> **EXERCISE REQUIREMENTS**: Pictures aside, can you reproduce the records word for word?

=== ENTRIES SHOWN ===

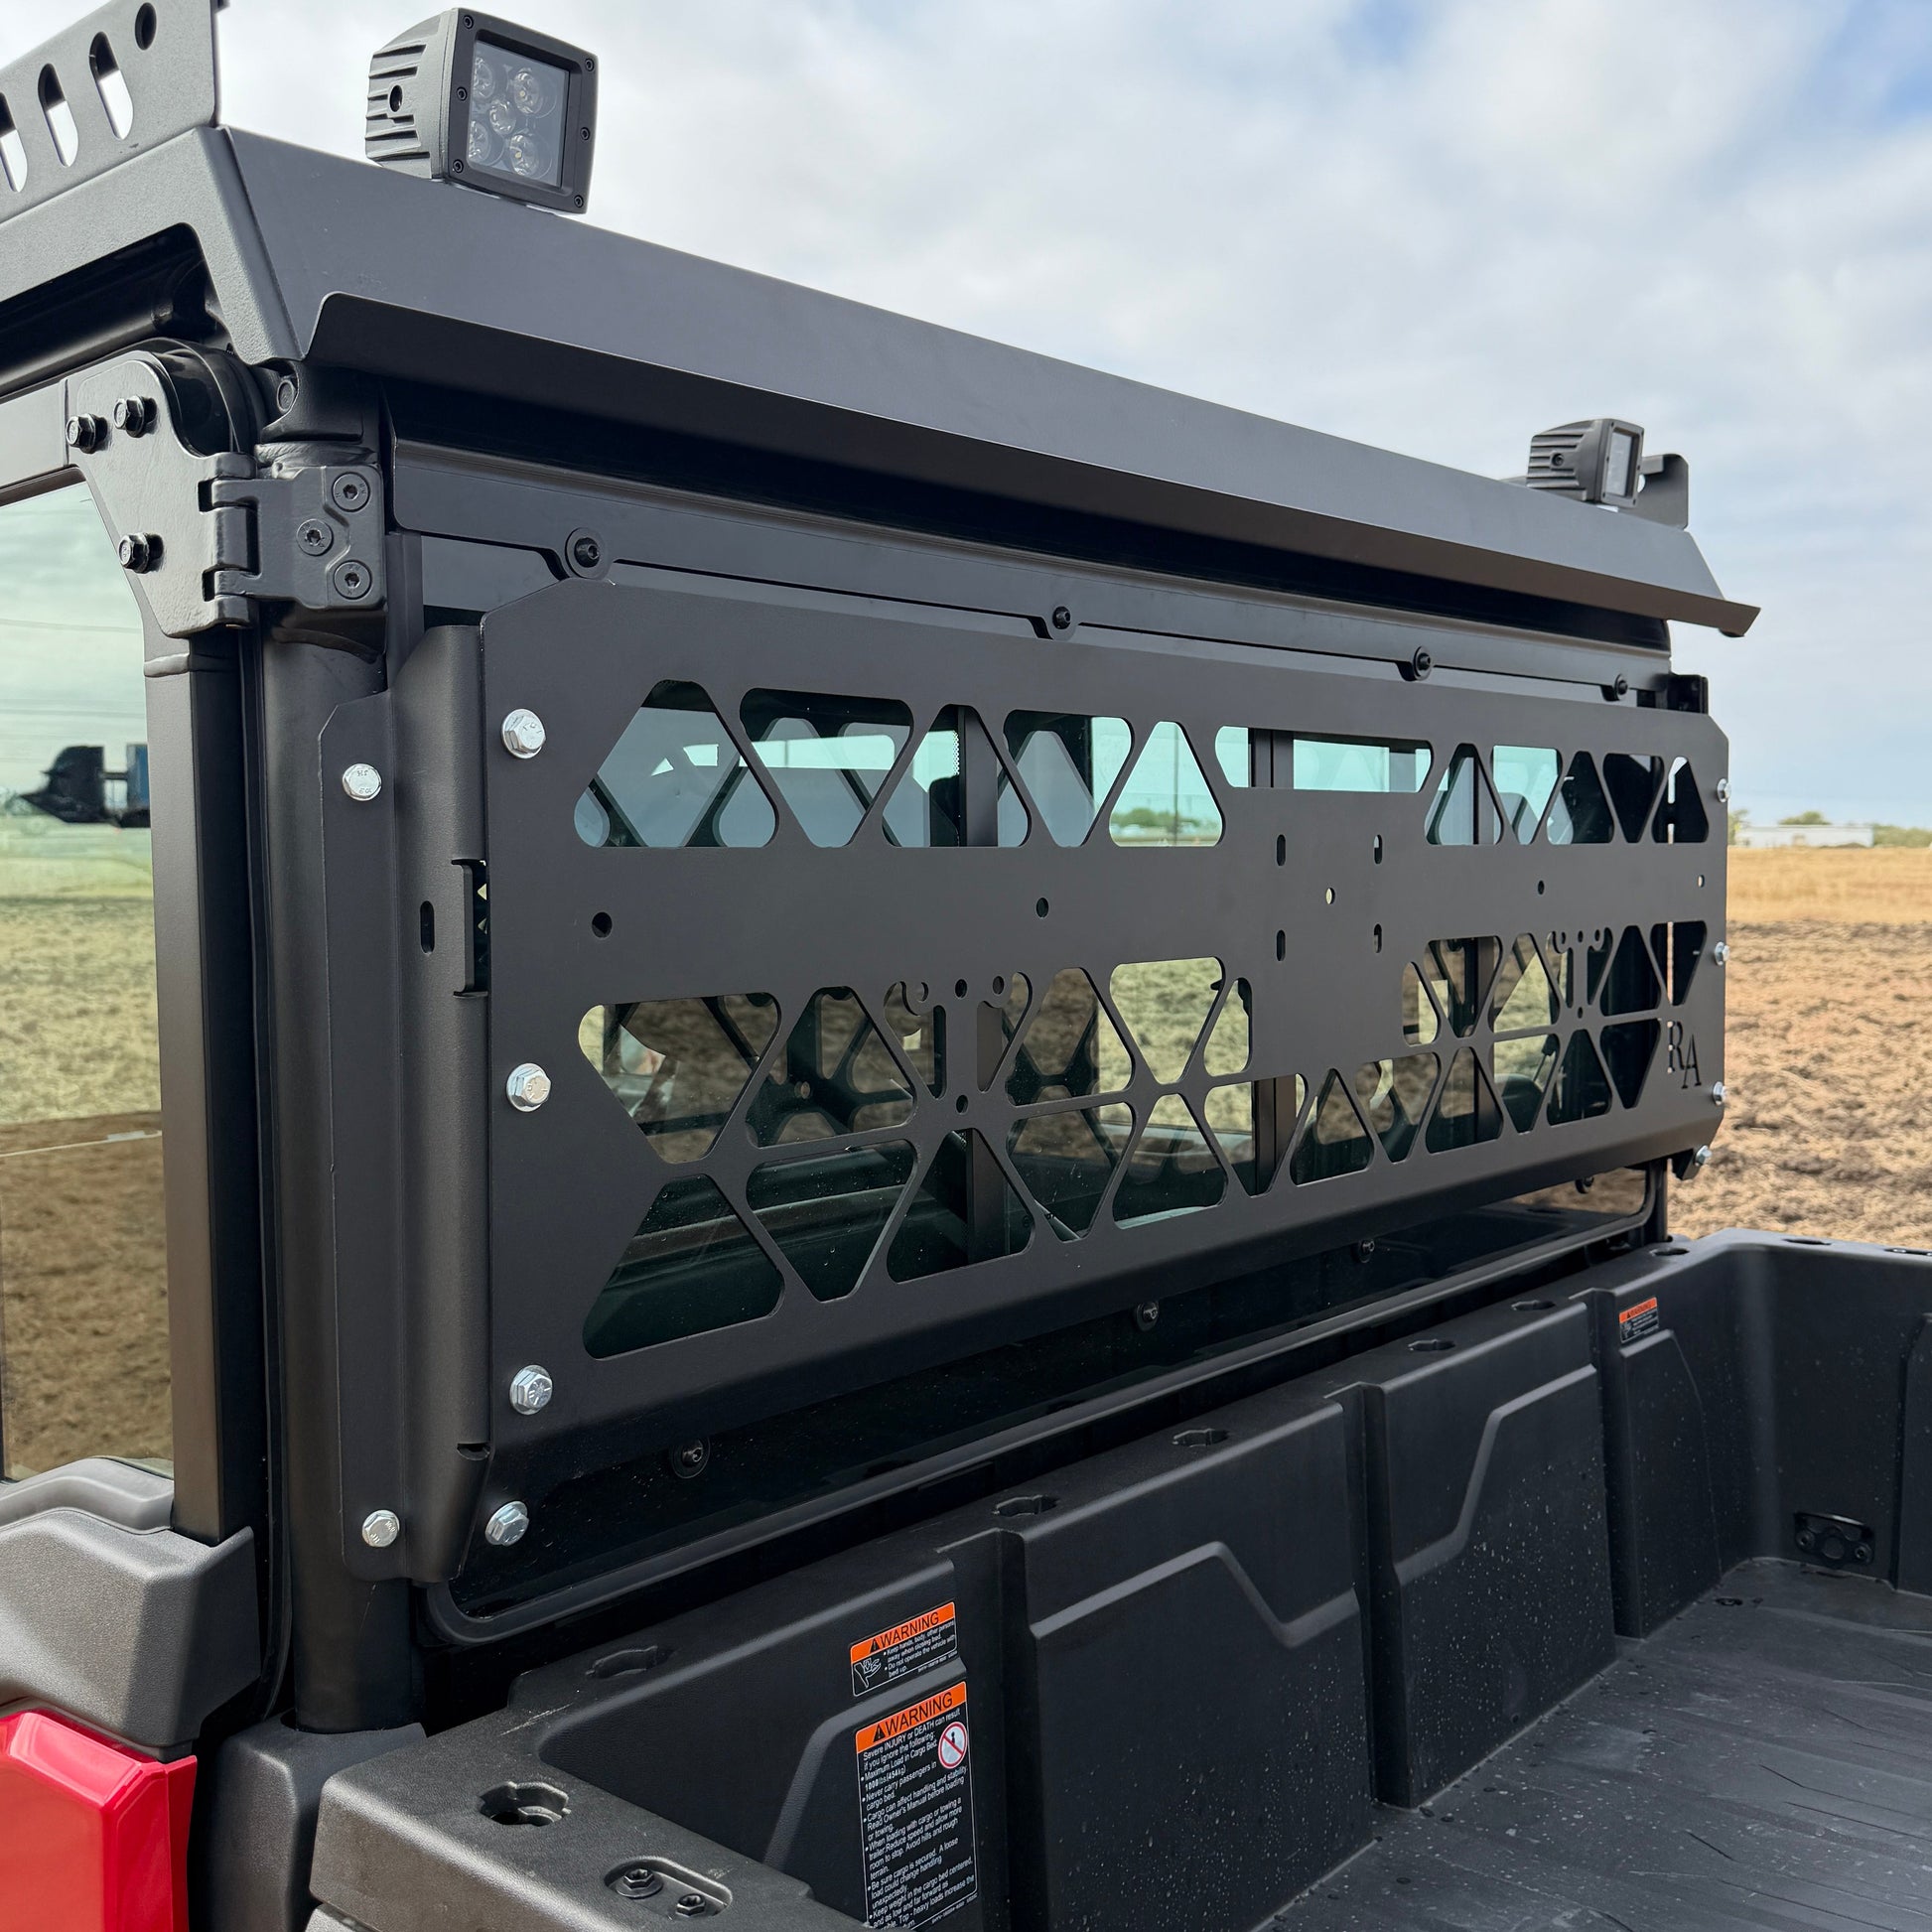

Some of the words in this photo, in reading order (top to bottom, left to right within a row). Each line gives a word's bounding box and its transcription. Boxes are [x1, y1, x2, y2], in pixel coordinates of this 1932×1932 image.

[880, 1611, 939, 1648] WARNING
[887, 1646, 898, 1655] Keep
[904, 1650, 922, 1663] operate
[930, 1639, 946, 1650] vehicle
[889, 1668, 898, 1678] bed
[885, 1692, 952, 1737] WARNING
[863, 1746, 883, 1761] Severe
[885, 1733, 905, 1751] INJURY
[914, 1720, 934, 1736] DEATH
[935, 1717, 945, 1726] can
[945, 1708, 960, 1721] result
[864, 1762, 868, 1771] if
[869, 1758, 880, 1770] you
[881, 1749, 898, 1763] ignore
[899, 1744, 908, 1753] the
[865, 1762, 890, 1781] Maximum
[891, 1755, 903, 1768] Load
[910, 1746, 926, 1758] Cargo
[866, 1788, 883, 1802] Never
[884, 1781, 897, 1793] carry
[899, 1764, 930, 1787] passengers
[867, 1808, 885, 1822] Cargo
[886, 1802, 896, 1812] can
[897, 1793, 912, 1807] affect
[912, 1782, 935, 1799] handling
[936, 1774, 946, 1786] and
[867, 1798, 883, 1811] cargo
[884, 1790, 896, 1802] bed.
[867, 1816, 883, 1832] Read
[884, 1806, 905, 1823] Owner's
[906, 1794, 926, 1811] Manual
[927, 1786, 944, 1800] before
[945, 1776, 964, 1791] loading
[868, 1833, 874, 1842] or
[875, 1823, 895, 1838] towing.
[869, 1838, 886, 1852] When
[886, 1827, 905, 1843] loading
[906, 1820, 917, 1831] with
[918, 1812, 933, 1825] cargo
[933, 1808, 939, 1817] or
[940, 1799, 957, 1814] towing
[907, 1826, 923, 1841] speed
[924, 1819, 934, 1831] and
[935, 1813, 948, 1826] allow
[949, 1806, 962, 1818] more
[870, 1858, 884, 1870] room
[892, 1848, 904, 1860] stop.
[905, 1837, 920, 1852] Avoid
[921, 1832, 932, 1843] hills
[932, 1825, 942, 1836] and
[943, 1817, 958, 1831] rough
[870, 1865, 890, 1880] terrain.
[871, 1881, 880, 1890] Be
[881, 1874, 893, 1885] sure
[894, 1865, 908, 1880] cargo
[915, 1848, 937, 1866] secured.
[944, 1838, 958, 1850] loose
[872, 1886, 884, 1899] load
[885, 1877, 898, 1892] could
[899, 1868, 919, 1884] change
[920, 1856, 942, 1872] handling
[873, 1905, 888, 1919] Keep
[889, 1892, 906, 1910] weight
[922, 1877, 937, 1890] cargo
[938, 1868, 948, 1881] bed
[873, 1916, 884, 1929] and
[885, 1913, 892, 1922] as
[893, 1905, 902, 1917] low
[902, 1899, 912, 1911] and
[921, 1883, 941, 1900] forward
[942, 1880, 948, 1889] as
[930, 1892, 943, 1905] loads

===

> **RESULT OF THE EXERCISE**:
Some of the words in this photo, in reading order (top to bottom, left to right within a row). Each line gives a word's bounding box and its transcription. Boxes are [x1, y1, x2, y2], in pixel coordinates of this 1932×1932 image.

[880, 1611, 939, 1648] WARNING
[887, 1646, 898, 1655] Keep
[904, 1650, 922, 1663] operate
[930, 1639, 946, 1650] vehicle
[889, 1668, 898, 1678] bed
[885, 1692, 952, 1737] WARNING
[863, 1746, 883, 1761] Severe
[885, 1733, 905, 1751] INJURY
[914, 1720, 934, 1736] DEATH
[935, 1717, 945, 1726] can
[945, 1708, 960, 1721] result
[864, 1762, 868, 1771] if
[869, 1758, 880, 1770] you
[881, 1749, 898, 1763] ignore
[899, 1744, 908, 1753] the
[865, 1762, 890, 1781] Maximum
[891, 1755, 903, 1768] Load
[910, 1746, 926, 1758] Cargo
[866, 1788, 883, 1802] Never
[884, 1781, 897, 1793] carry
[899, 1764, 930, 1787] passengers
[867, 1808, 885, 1822] Cargo
[886, 1802, 896, 1812] can
[897, 1793, 912, 1807] affect
[912, 1782, 935, 1799] handling
[936, 1774, 946, 1786] and
[867, 1798, 883, 1811] cargo
[884, 1790, 896, 1802] bed.
[867, 1816, 883, 1832] Read
[884, 1806, 905, 1823] Owner's
[906, 1794, 926, 1811] Manual
[927, 1786, 944, 1800] before
[945, 1776, 964, 1791] loading
[868, 1833, 874, 1842] or
[875, 1823, 895, 1838] towing.
[869, 1838, 886, 1852] When
[886, 1827, 905, 1843] loading
[906, 1820, 917, 1831] with
[918, 1812, 933, 1825] cargo
[933, 1808, 939, 1817] or
[940, 1799, 957, 1814] towing
[907, 1826, 923, 1841] speed
[924, 1819, 934, 1831] and
[935, 1813, 948, 1826] allow
[949, 1806, 962, 1818] more
[870, 1858, 884, 1870] room
[892, 1848, 904, 1860] stop.
[905, 1837, 920, 1852] Avoid
[921, 1832, 932, 1843] hills
[932, 1825, 942, 1836] and
[943, 1817, 958, 1831] rough
[870, 1865, 890, 1880] terrain.
[871, 1881, 880, 1890] Be
[881, 1874, 893, 1885] sure
[894, 1865, 908, 1880] cargo
[915, 1848, 937, 1866] secured.
[944, 1838, 958, 1850] loose
[872, 1886, 884, 1899] load
[885, 1877, 898, 1892] could
[899, 1868, 919, 1884] change
[920, 1856, 942, 1872] handling
[873, 1905, 888, 1919] Keep
[889, 1892, 906, 1910] weight
[922, 1877, 937, 1890] cargo
[938, 1868, 948, 1881] bed
[873, 1916, 884, 1929] and
[885, 1913, 892, 1922] as
[893, 1905, 902, 1917] low
[902, 1899, 912, 1911] and
[921, 1883, 941, 1900] forward
[942, 1880, 948, 1889] as
[930, 1892, 943, 1905] loads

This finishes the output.